英語についてはほとんど不安はなく、学校で大量にもらった長文のプリントを夏前にこなし、留学中に身体に覚え込ませた単語帳の復習を行う程度で十分でした。留学中の努力がものを言いました。実は単語帳の中に、留学中、普段の会話で使わなかった単語があるのですが、不思議とこれが試験で出ない。長文の説明文と日常会話は違うという意見もあるでしょうが、どうもそうではないと……。このことにある程度確信があったので、復習も頻出事項に重点を置き、あとは200~300単語を30分で一挙におさらい、というような方法でクリアしていきました。あとは対策の進んでいない世界史に専念するのみ。

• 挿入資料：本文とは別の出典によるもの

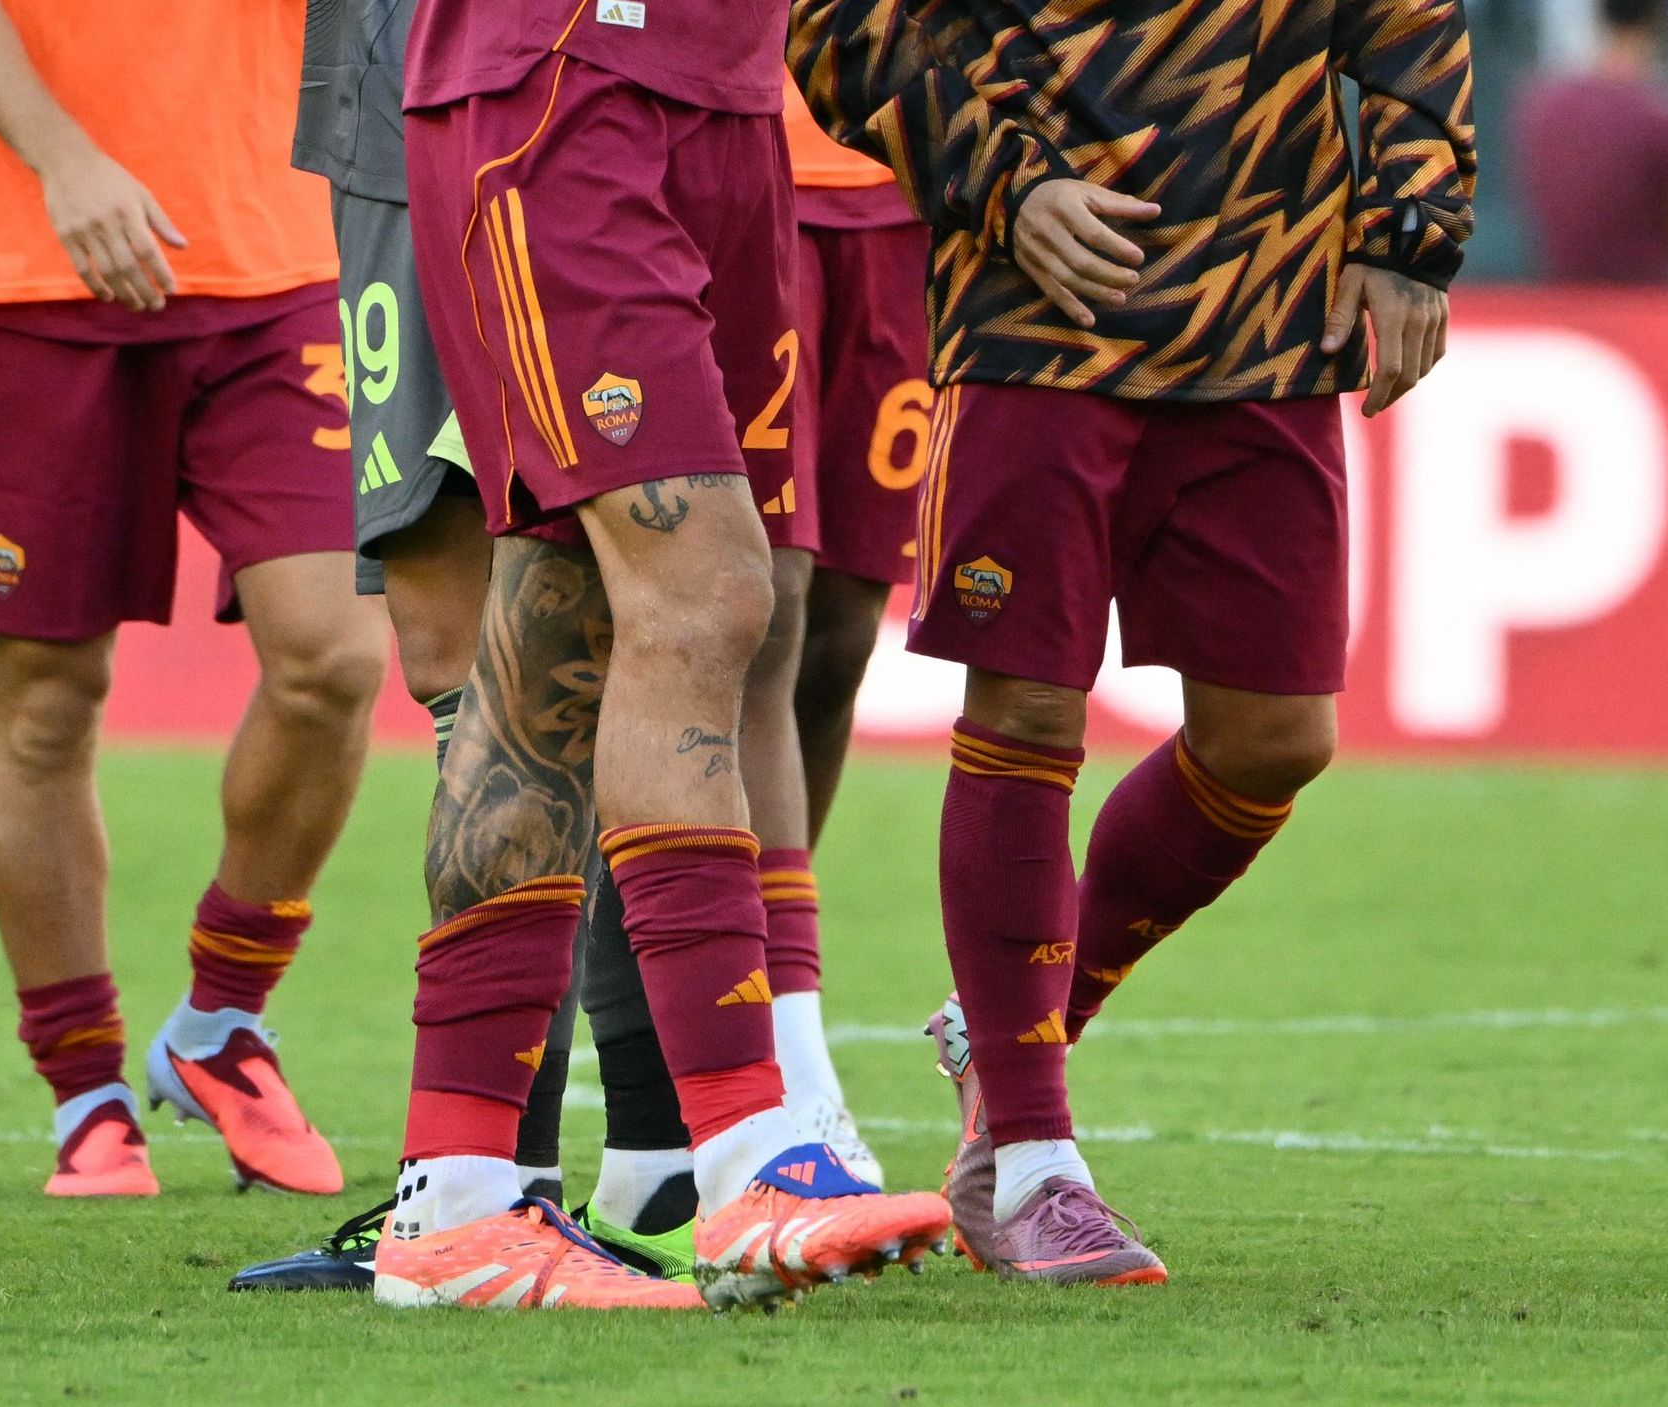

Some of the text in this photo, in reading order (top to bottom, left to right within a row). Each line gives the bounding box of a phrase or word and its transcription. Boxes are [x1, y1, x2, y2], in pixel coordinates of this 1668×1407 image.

[741, 328, 799, 449] 2
[596, 411, 638, 431] ROMA
[868, 378, 934, 491] 6
[959, 593, 1003, 610] ROMA
[1028, 941, 1077, 965] ASR

──[受験を通して得た〈一生モノ〉]論文作法で、物事を作り上げる基本を学んだ
論文作法の時間にディスカッションする中で、皆の様々な意見を聞いてきた経験が今に生きています。今、大学で「外交政策ワークショップ」というグループワークを行っていて、これは日本の外交政策をチームで一つ作り上げてプレゼンする、というものなんですが、僕らのチームは「対ロシア資源外交」に取り組み、ロシアに経済特区を作る計画を練っています。ここで必要なのが、何より“人の意見を吸収する”ということ。いくら知識があっても、ただ頭ごなしに自分の考えを押しつけるだけでは形になっていかないのです。話し合って人の考えを吸収し、それをふまえて自分の意見をかみくだいて説明し、お互いに理解を進めていくことが重要だと痛感しています。今後、研究室に入ったり、企業に就職しても、コミュニケーションをとりながら作り上げていくことが必要とされる。その基礎を、論文作法で培えたのだと思っています。

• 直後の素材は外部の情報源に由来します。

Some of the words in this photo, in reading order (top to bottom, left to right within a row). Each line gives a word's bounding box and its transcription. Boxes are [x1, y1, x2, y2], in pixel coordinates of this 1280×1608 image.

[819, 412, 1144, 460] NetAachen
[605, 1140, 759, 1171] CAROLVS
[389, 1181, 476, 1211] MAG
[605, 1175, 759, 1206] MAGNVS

──[後輩に〈ひと言〉]合格のためにどれだけの勉強が必要か考える
合格した慶應SFCの一般入試は英語と小論文が試験科目です。僕はこの2科目には万全の態勢で臨みました。しかし、世界史のある大学にはほとんど太刀打ちできなかった。世界史に関しては、僕は勉強を始めるのが遅すぎたのです。どのくらい勉強したら大学に合格できるかは、人によって違うから、早い時期から、納得のいく勉強を積んでほしいと思います。

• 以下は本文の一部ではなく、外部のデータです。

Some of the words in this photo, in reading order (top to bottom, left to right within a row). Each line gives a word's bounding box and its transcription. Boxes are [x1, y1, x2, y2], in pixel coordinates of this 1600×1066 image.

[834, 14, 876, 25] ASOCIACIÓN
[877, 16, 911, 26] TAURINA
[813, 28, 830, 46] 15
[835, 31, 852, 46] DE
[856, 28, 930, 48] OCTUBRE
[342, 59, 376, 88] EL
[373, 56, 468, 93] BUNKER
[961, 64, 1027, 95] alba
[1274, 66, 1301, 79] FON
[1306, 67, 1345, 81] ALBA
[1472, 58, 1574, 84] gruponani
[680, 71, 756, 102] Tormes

そして、最後まであきらめない! たとえAOを失敗したと思っても、まだまだ時間はあります。気持ちを切りかえて、一般入試に思いっきり力を注いでください!
私の「淑徳高校自慢」
各学年に1クラス、全員が在学中に1年間の留学を体験するという「留学クラス」があります。日本では実質2年間しか一緒に過ごせないのですが、クラスメイト同士の結びつきがとても強く、卒業した今でも、親しくしています。あと、淑徳はトイレがすごくきれいなんです。このトイレにはホレましたね。この高校に来て本当によかったと思わせてくれました(笑)。
私の「慶應義塾大学 総合政策学部 現役合格アイテム」
単語帳
留学中にホストマザーと一緒に勉強した単語帳です。まったく英語が話せず本当に苦労していた僕に、彼女がこの単語帳を使って根気よく指導してくれました。日常会話で使われる実用的な単語のラインが留学生活で把握でき、その頻出語がそのまま受験でもよく出る単語だとわかったのは、大きな収穫でした。その法則に従って何度も繰り返し、英語には自信をもって入試に臨むことができました。